■ Exercise details
Would you please write out each entry precisely as given?

■ Material for the task
- - -
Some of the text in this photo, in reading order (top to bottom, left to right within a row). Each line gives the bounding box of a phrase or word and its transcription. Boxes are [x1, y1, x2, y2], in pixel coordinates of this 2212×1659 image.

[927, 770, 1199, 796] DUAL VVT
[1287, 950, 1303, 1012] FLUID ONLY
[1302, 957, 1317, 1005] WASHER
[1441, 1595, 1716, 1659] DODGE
- - -
■ Worked solution
Some of the text in this photo, in reading order (top to bottom, left to right within a row). Each line gives the bounding box of a phrase or word and its transcription. Boxes are [x1, y1, x2, y2], in pixel coordinates of this 2212×1659 image.

[927, 770, 1199, 796] DUAL VVT
[1287, 950, 1303, 1012] FLUID ONLY
[1302, 957, 1317, 1005] WASHER
[1441, 1595, 1716, 1659] DODGE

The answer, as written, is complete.